El pequeño lo tiene claro: la banca está haciendo mucha presión y tiene ventaja

Cuando el pasado 15 de febrero el presidente del Gobierno, Pedro Sánchez, anunció la convocatoria de elecciones para el próximo 28 de abril hubo proyectos normativos que se echaron a un lado hasta nuevo aviso. Entre ellos, el que más afectará a la distribución de seguros en España: el Proyecto de Ley de distribución de seguros y reaseguros privados. A partir de ahora las opiniones sobre lo que pasará son variadas. Si se pregunta al regulador dirá que no hay ningún elemento que haga pensar que su aprobación será complicada una vez que se aprueben las cámaras, puesto que existe acuerdo entre los partidos políticos y las enmiendas presentadas, un centenar, no representan un elemento significativo.

Sin embargo, aquí está la duda de qué significa aprobación no complicada. En Forinvest varios primeros directivos de compañías indicaron que no esperan la trasposición de la norma hasta el verano de 2020. Es cierto que nadie sabe qué pasará después del 28 de abril, pero para el verano de ese año falta mucho.
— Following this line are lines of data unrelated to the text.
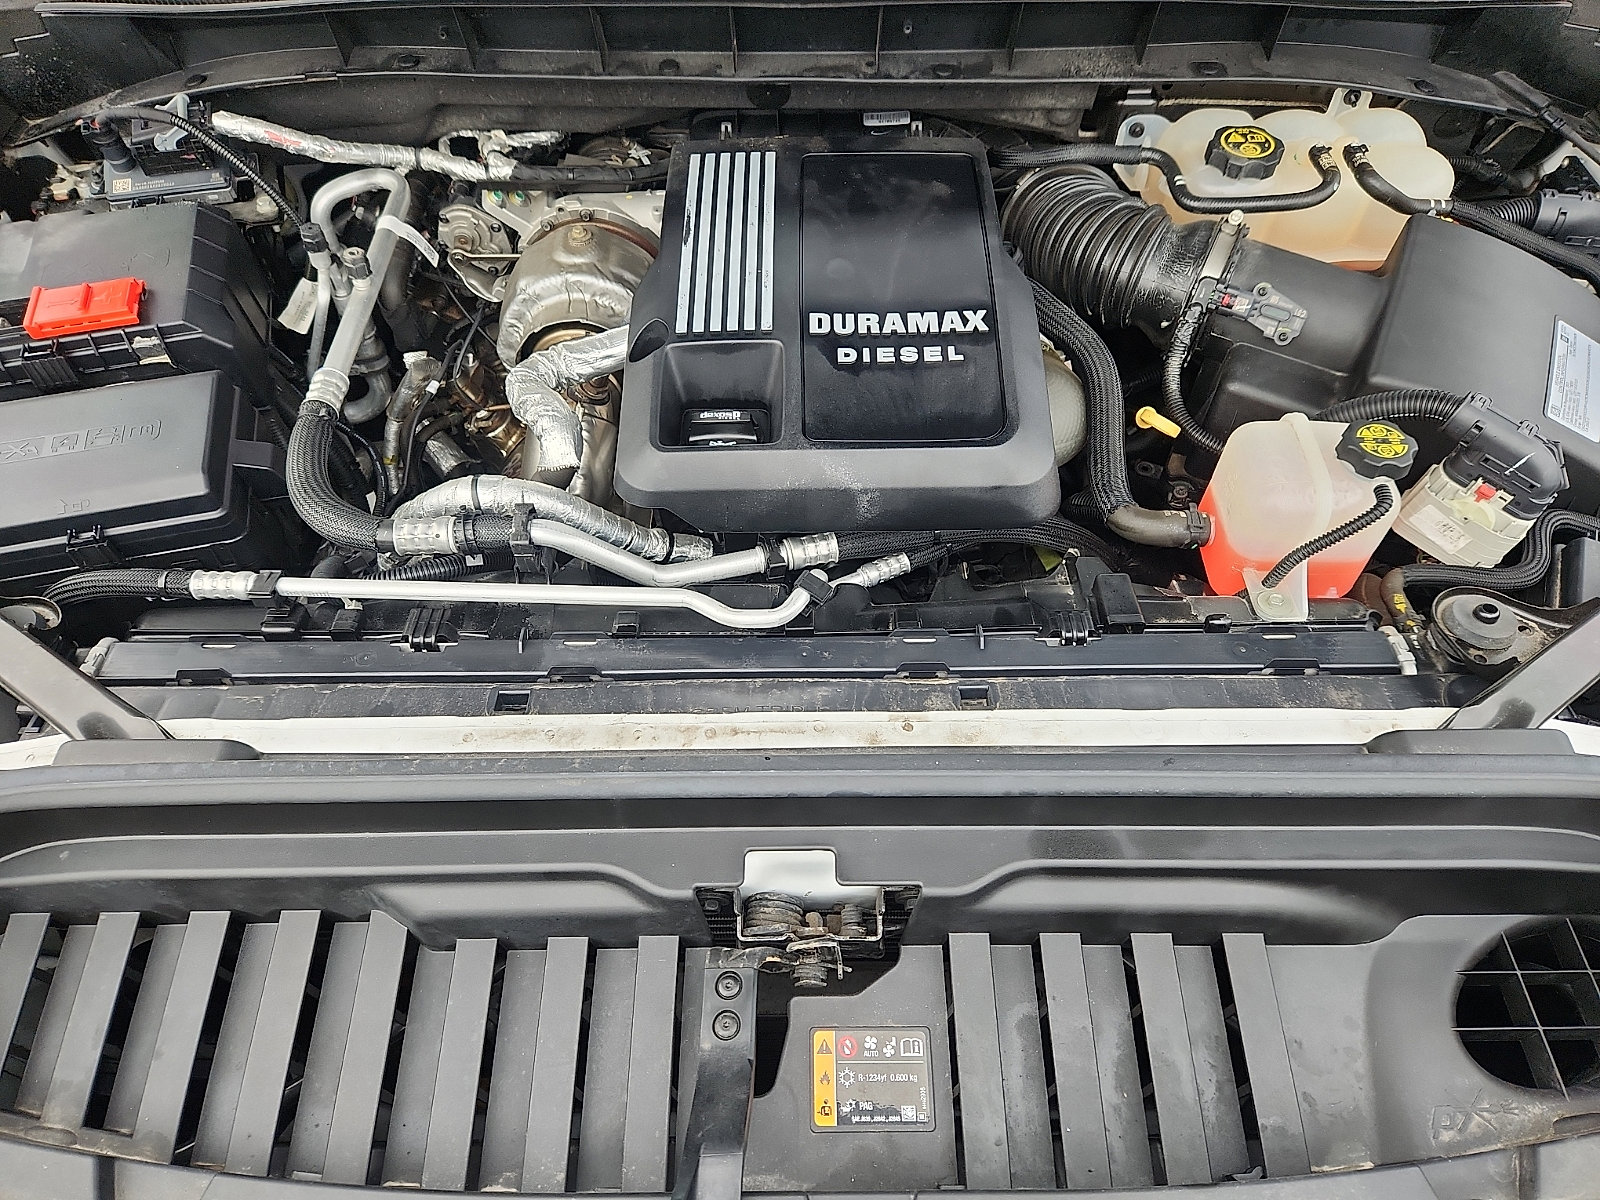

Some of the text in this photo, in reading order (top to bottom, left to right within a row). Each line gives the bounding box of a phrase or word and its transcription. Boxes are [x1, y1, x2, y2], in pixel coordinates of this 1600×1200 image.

[808, 309, 989, 335] DURAMAX
[837, 345, 965, 364] DIESEL
[863, 1050, 879, 1058] AUTO
[858, 1073, 918, 1083] R-1234yf 0.600 kg
[859, 1101, 874, 1111] PAG
Lo cierto es que España ya ha recibido el segundo aviso de la Comisión Europea por su tardanza en implementar la directiva al ordenamiento jurídico nacional. La presión también es económica. Y el retraso en la aprobación de esta norma condiciona también la aprobación del Real Decreto que regulará la distribución en materia de formación.

La banca, con ventaja

En las jornadas formativas o en los medios profesionales aparecen directivos o profesionales dando su opinión personal o la de su compañía. Aprovechando Forinvest, en Valencia, Mercado Previsor se ha acercado a mediadores que están a pie de calle día a día y les ha preguntado cómo ven la futura Ley de Distribución

Un agente exclusivo consultado considera, sin pensarlo mucho y ante la pregunta sobre qué opinión tiene de la futura norma, que "la banca está haciendo mucha presión" y reconoce que "juega con ventaja". Ventaja sobre los mediadores, ya sean agentes o corredores, y añade que "da mucha rabia" observar que con sus prácticas "chantajean a los clientes", mientras que "yo sigo mi propia norma de si mi cliente no entiende lo que va a contratar no se lo vendo".
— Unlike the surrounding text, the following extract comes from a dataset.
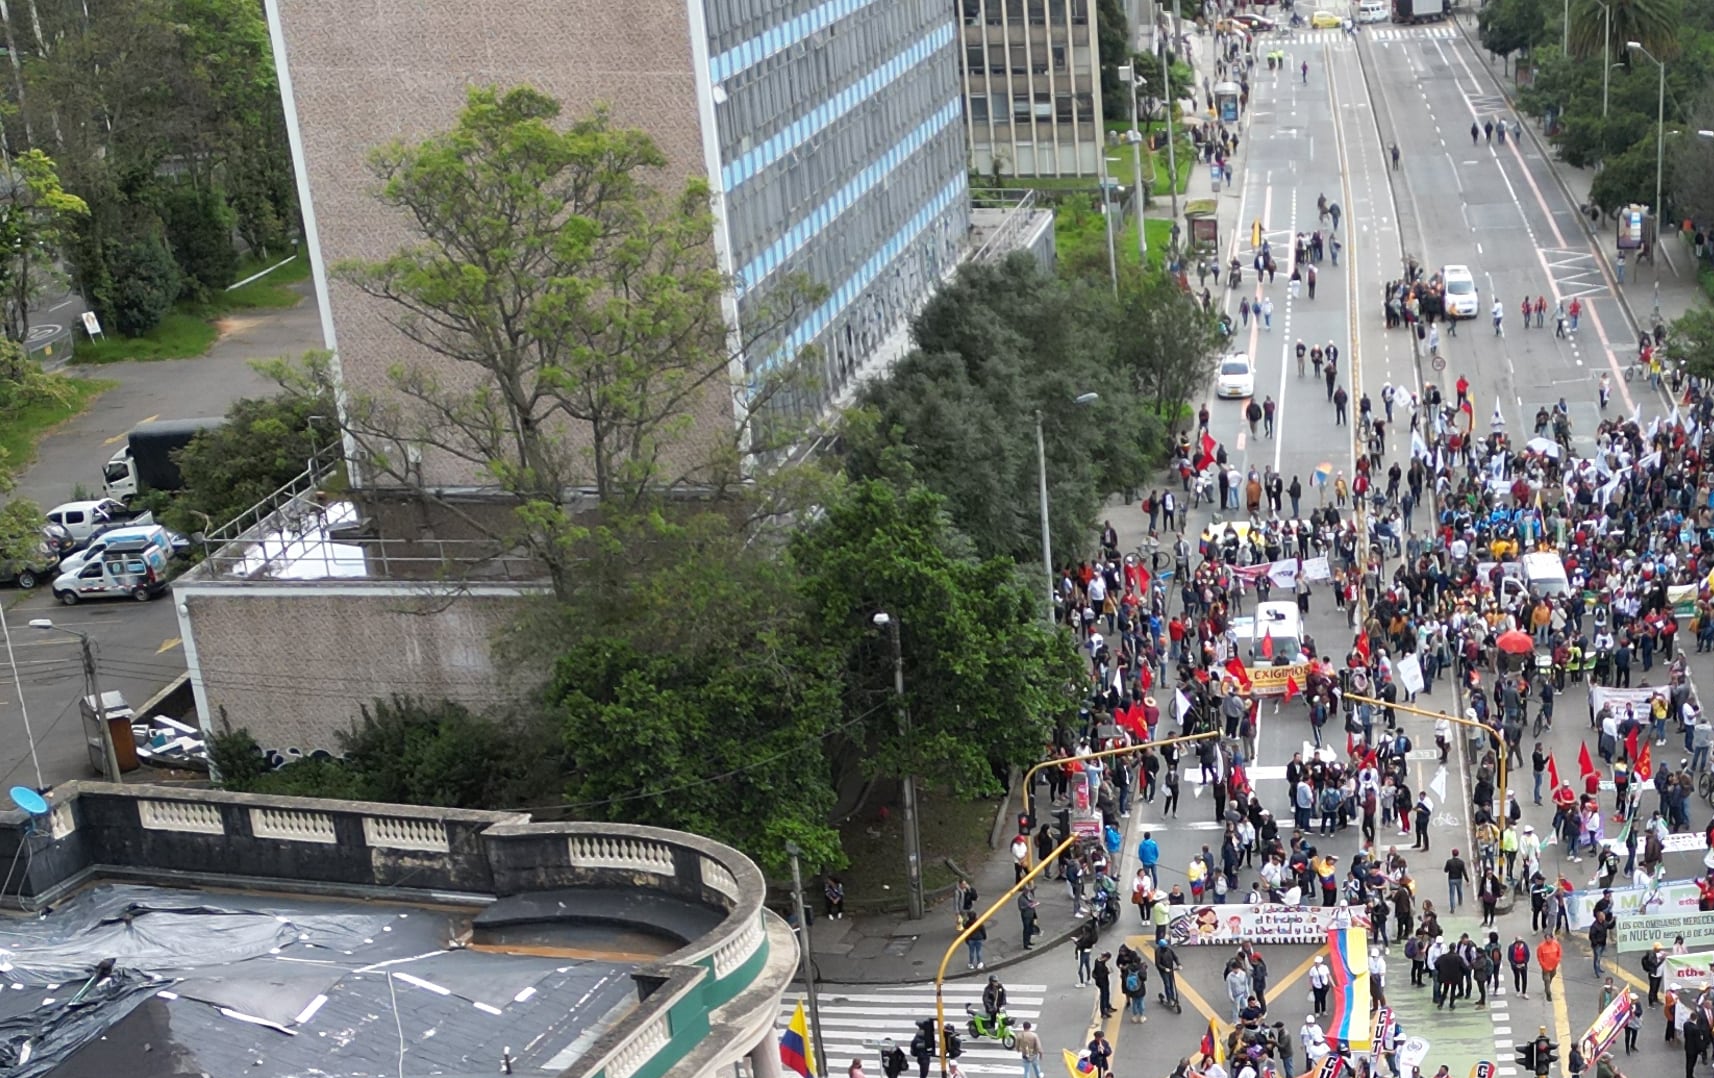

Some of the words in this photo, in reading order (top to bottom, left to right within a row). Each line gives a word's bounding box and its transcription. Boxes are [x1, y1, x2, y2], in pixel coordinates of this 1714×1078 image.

La tecnología ocupará un lugar importante para cumplir con la normativa que se le viene al mediador. Una de las empresas que desarrolla tecnología para estos profesionales es ebroker. Su CEO, Hignio Iglesias, señala que más allá de la incertidumbre de la norma hay aspectos que todavía quedan por definir. Explica sobre la primera parte de la ley, aquella que se refiere a los modelos de distribución y tipos de mediadores, que no hay más que discutir. La segunda parte todavía tiene puntos que serán fundamentales. Especifica que no tanto por lo que diga el texto, sino más bien por la interpretación que el supervisor haga de ello. Sin duda, a su juicio, la más importante tiene que ver con las cuentas bancarias o las cuentas de clientes como especifica la ley.

Otra opinión recabada es la de la agencia de suscripción mdc, cuyo director en Madrid, Luis Ramón Rodríguez, indica que la ley "no contempla la realidad de una agencia de suscripción". Asegura que "no tenemos un reglamento, vamos al antojo del director general de seguros de turno o de la inspección correspondiente". Reclama una ley que regule a estas entidades como se hace con las compañías de seguros o las reaseguradoras puesto que hay agencias de muchos tipos, monocompañía, multicompañía, adscritas al sindicato del Lloyd´s u otras que operan con aseguradoras.